Despite this, COVID-19 vaccine uptake was not universal among patients with IMID and the immunosuppressed more broadly [5]. The absence of these patients from vaccine development trials [6], coupled with the lack of observational studies on their specific vaccine tolerance [7], has generated notable hesitancy in this group [8]. This is visible in comparisons of vaccine refusal rates between key risk groups: work by Gaur et al [9] saw patients with autoimmune disease led chronic risk groups with 19% COVID-19 vaccine refusal versus 17.8% and 13.4% seen among patients with chronic lung disease and cancer, respectively. More precise assessments of vaccine risk in the IMID population are urgently needed to reassure these patients about the safety and suitability of these products [10].
One solution is to enhance pharmacovigilance surveillance. Current methods, including the analysis of computerized medical records or data from centralized reporting mechanisms (Yellow Card, Vaccine Adverse Event Reporting System, etc), are primarily clinician facing and select for major adverse events [11]. It is hypothesized that direct-to-patient vaccine side effect surveys may deliver the detailed and differentiable data that high-resolution pharmacovigilance requires.
The first iteration of the COVID-19 Vaccination in Autoimmune Diseases (COVAD) study, COVAD-1 [12], was established to test this hypothesis, initially identifying whether a patient COVID-19 vaccine survey could provide sufficient data to compare safety profiles between patients with a diverse range of IMID—with a special emphasis on autoimmunity—and general population controls. This protocol, however, describes a follow-on study that will enhance this initial analysis, assessing whether the COVAD dataset can also be used to test for internal heterogeneity in the COVID-19 infection and vaccine experience of the IMID population.
Study Design
To do so, this work will allocate COVAD respondents with IMID into categories aligned with the electronic Delphi Study to Define and Risk-Stratify Immunosuppression (DESTINIES) phenotype [13]—a COVID-19 risk hierarchy produced and ratified over the course of a multistage international clinical consensus-building exercise of 64 global experts in immunology, vaccinology, and infectious disease (the DESTINIES Consortium). IMID data will be categorized as follows: single organ, systemic, and overlap IMID.

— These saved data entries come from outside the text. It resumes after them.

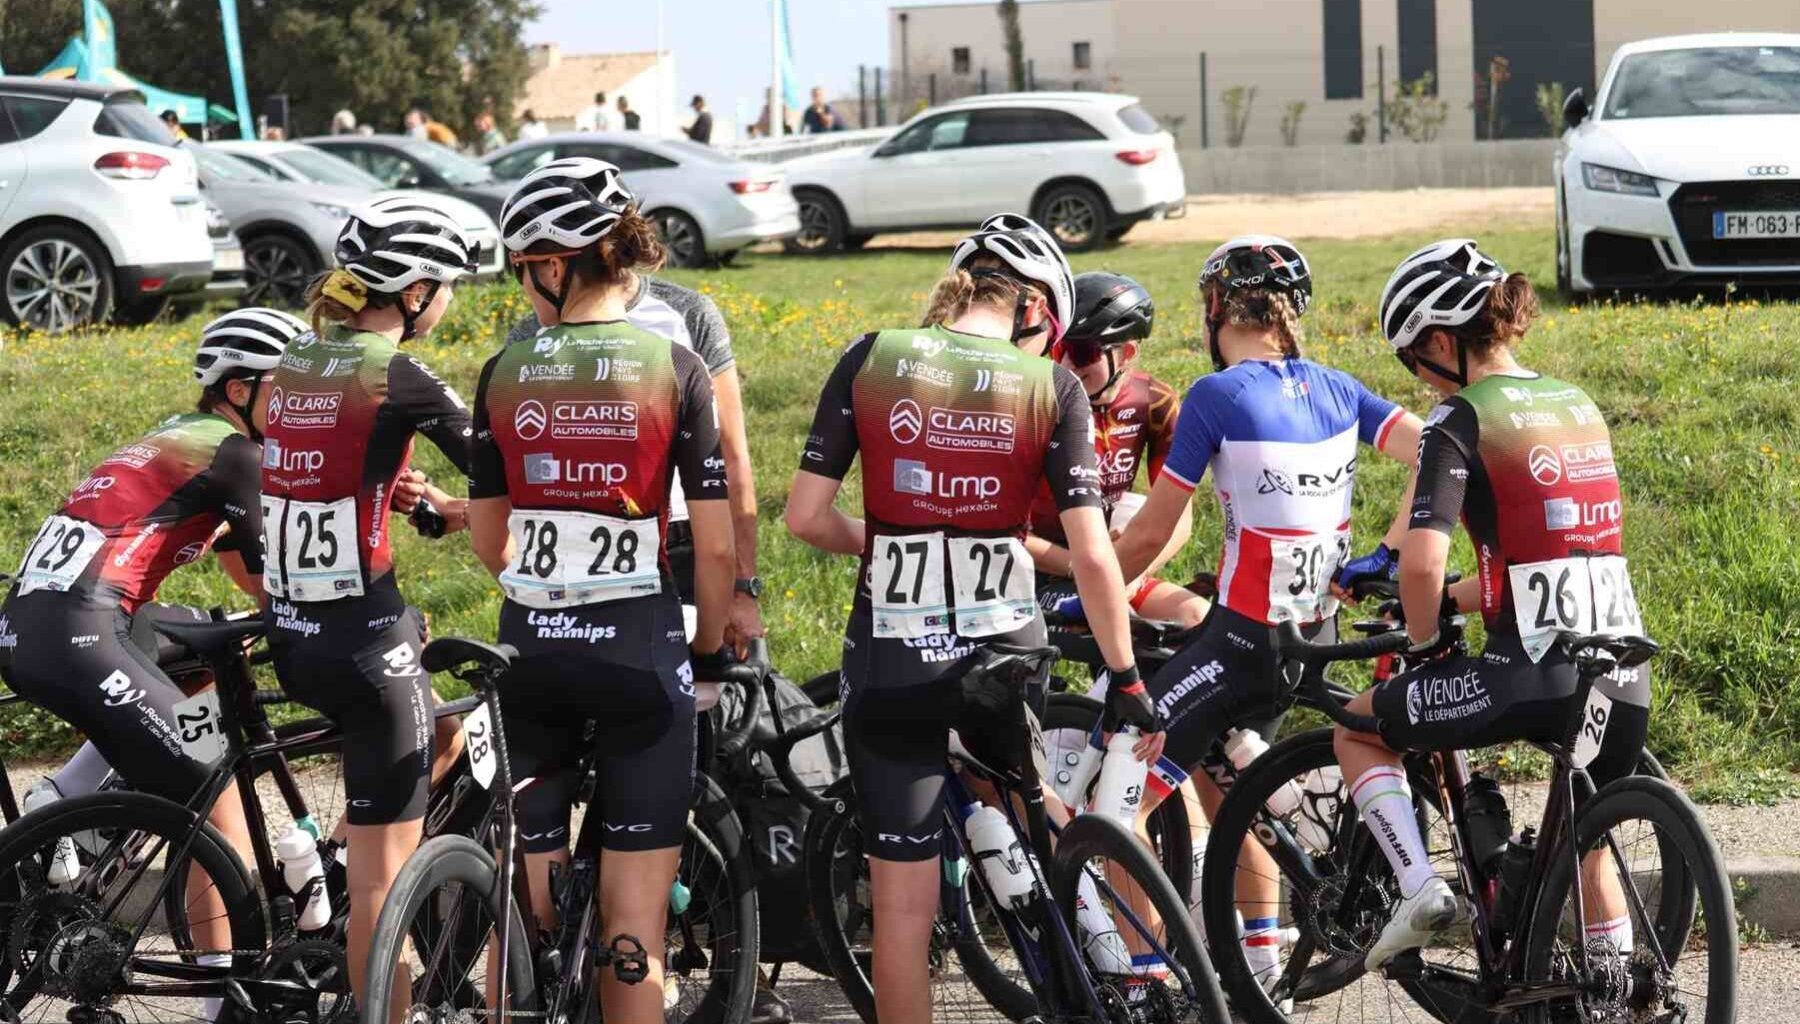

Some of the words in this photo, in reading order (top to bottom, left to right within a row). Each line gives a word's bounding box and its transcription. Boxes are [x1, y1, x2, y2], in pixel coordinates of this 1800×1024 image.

[531, 363, 575, 375] VENDÉE
[909, 361, 954, 383] VENDÉE
[287, 396, 338, 411] CLARIS
[555, 405, 636, 421] CLARIS
[283, 416, 335, 425] AUTOMOBILES
[554, 427, 636, 437] AUTOMOBILES
[930, 412, 1013, 435] CLARIS
[928, 435, 1012, 450] AUTOMOBILES
[543, 488, 581, 499] GROUPE
[369, 482, 385, 548] dynamips
[912, 499, 953, 518] GROUPE
[36, 524, 85, 573] 29
[297, 510, 338, 569] 25
[517, 520, 558, 578] 28
[588, 526, 639, 576] 28
[886, 541, 928, 605] 27
[969, 543, 1015, 602] 27
[1288, 544, 1324, 596] 30
[1528, 567, 1579, 629] 26
[276, 615, 321, 637] namips
[368, 615, 398, 628] DIFFU
[537, 623, 617, 643] namips
[72, 635, 100, 644] DIFFU
[1227, 632, 1255, 650] DIFFU
[1156, 660, 1225, 720] ynamips
[1424, 668, 1486, 706] VENDÉE
[1434, 694, 1492, 721] DÉPARTEMENT
[177, 706, 213, 743] 25
[1584, 704, 1606, 745] 26
[468, 721, 488, 765] 28
[769, 825, 797, 864] R
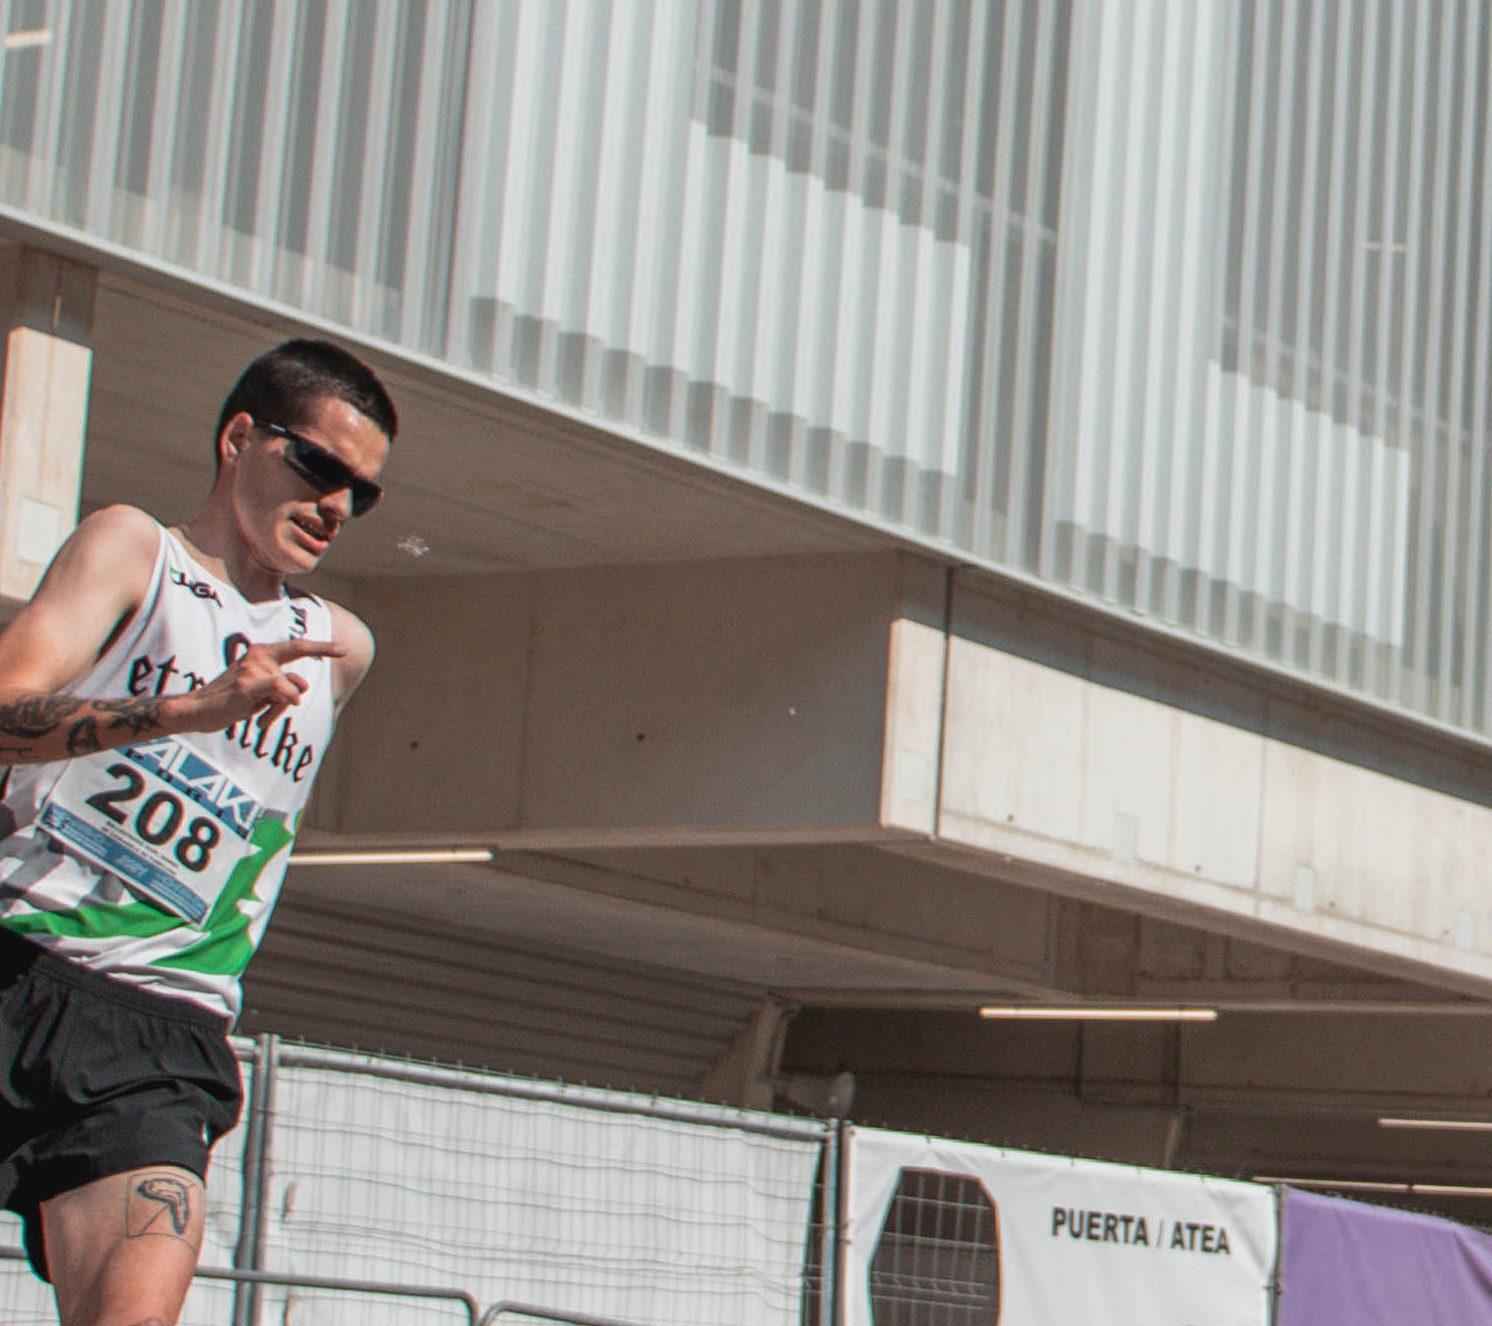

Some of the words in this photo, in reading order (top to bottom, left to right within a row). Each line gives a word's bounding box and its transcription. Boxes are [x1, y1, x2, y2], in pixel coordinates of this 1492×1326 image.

[85, 762, 221, 874] 208
[1052, 1206, 1150, 1247] PUERTA
[1170, 1221, 1232, 1255] ATEA

As per the DESTINIES evaluations, we are anticipating that, overall, respondents with IMID will have experienced worse COVID-19 infection and vaccine outcomes than the general population controls. However, internal heterogeneity is highly likely. Following the structure of the DESTINIES phenotype, we also hypothesize that patients with single organ IMID will report milder COVID-19 infections and fewer vaccine side effects than their systemic and overlap counterparts. We also expect that the multimorbidity of the overlap category will predispose this group to the worst outcomes of all those evaluated. However, this investigation is preliminary and highly exploratory; these hypotheses should therefore only be considered as evidence generating at this moment in time.
Methods
Overview
COVAD-1 study design, recruitment, data collection, and initial results have been described in detail elsewhere [12]. This multinational cross-sectional survey was active in over 90 countries and accumulated support from a collective of 106 rheumatologists, internists, neurologists, and immunologists. Recruitment used a diverse array of social media channels and online patient support groups globally [14].

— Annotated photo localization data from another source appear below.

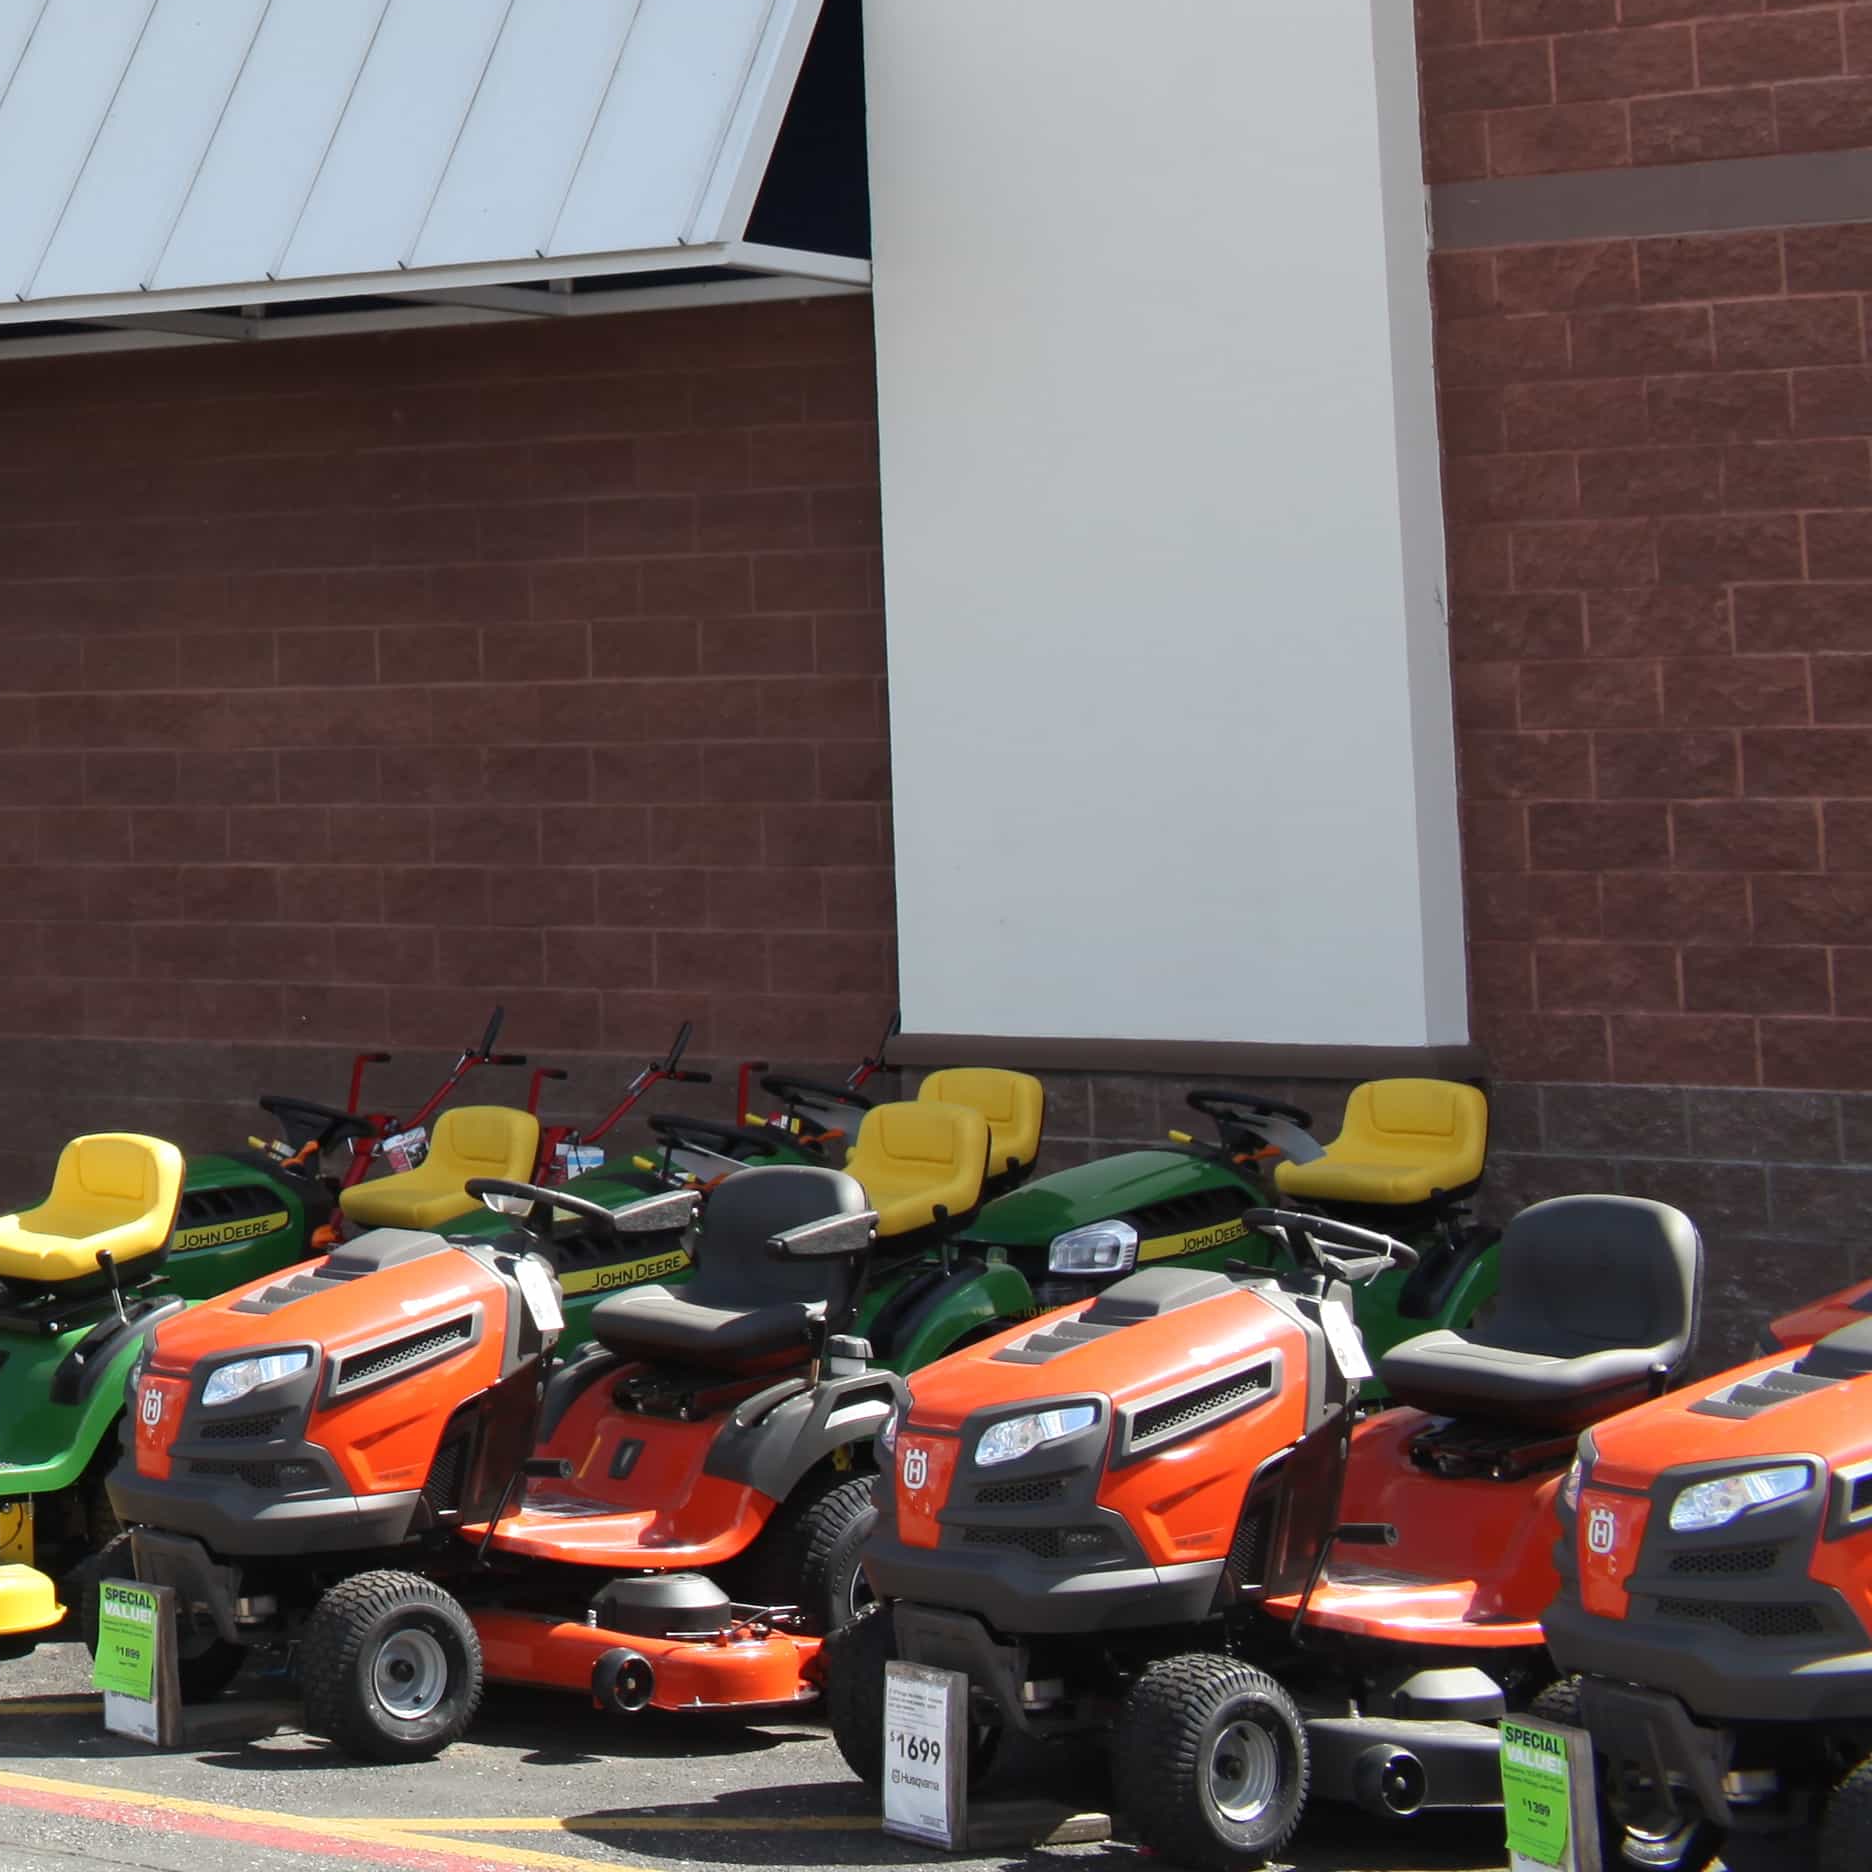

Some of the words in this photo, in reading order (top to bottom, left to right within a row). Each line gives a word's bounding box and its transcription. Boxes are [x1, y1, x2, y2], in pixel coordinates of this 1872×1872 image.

[179, 1231, 221, 1249] JOHN
[223, 1219, 270, 1240] DEERE
[1181, 1233, 1213, 1252] JOHN
[592, 1269, 633, 1289] JOHN
[636, 1256, 681, 1279] DEERE
[105, 1586, 152, 1609] SPECIAL
[890, 1731, 941, 1765] $1699
[1505, 1726, 1561, 1755] SPECIAL

Between March and December 2021, the COVAD-1 study collected the following information from vaccine surveys presented to an international cohort of patients with IMID and population-based controls: demographic details, IMID type, treatment details, current symptoms, COVID-19 infection history (inclusive of symptoms, duration, and complications), COVID-19 vaccine details, 7-day COVID-19 adverse events of interest, and specific patient-reported outcome measures (health, pain, activity, fatigue, and physical function status). All personally identifiable data were removed, anonymizing this asset for secondary analysis. Informed consent was obtained at the start of the survey, and no financial incentives were offered for completion.
In total, 18,882 patients with IMID or population-based controls responded to the survey [14]. Self-reported by survey respondents, the following IMIDs were represented in this study set: ankylosing spondylitis or psoriatic arthritis, antisynthetase syndrome, Crohn disease or ulcerative colitis (inflammatory bowel disease), dermatomyositis, hemolytic anemia or idiopathic thrombocytopenic purpura, inclusion body myositis, juvenile dermatomyositis, mixed connective tissue disease, multiple sclerosis, myasthenia gravis, necrotizing myositis, overlap myositis with lupus or Sjögren syndrome or systemic sclerosis or rheumatoid arthritis, pernicious anemia, polymyalgia rheumatica, polymyositis, rheumatoid arthritis, scleroderma, Sjögren syndrome, systemic lupus erythematosus, thyroid disease (hypothyroidism or hyperthyroidism), type 1 diabetes, and vasculitis. Respondents were able to indicate when they had multiple diagnoses.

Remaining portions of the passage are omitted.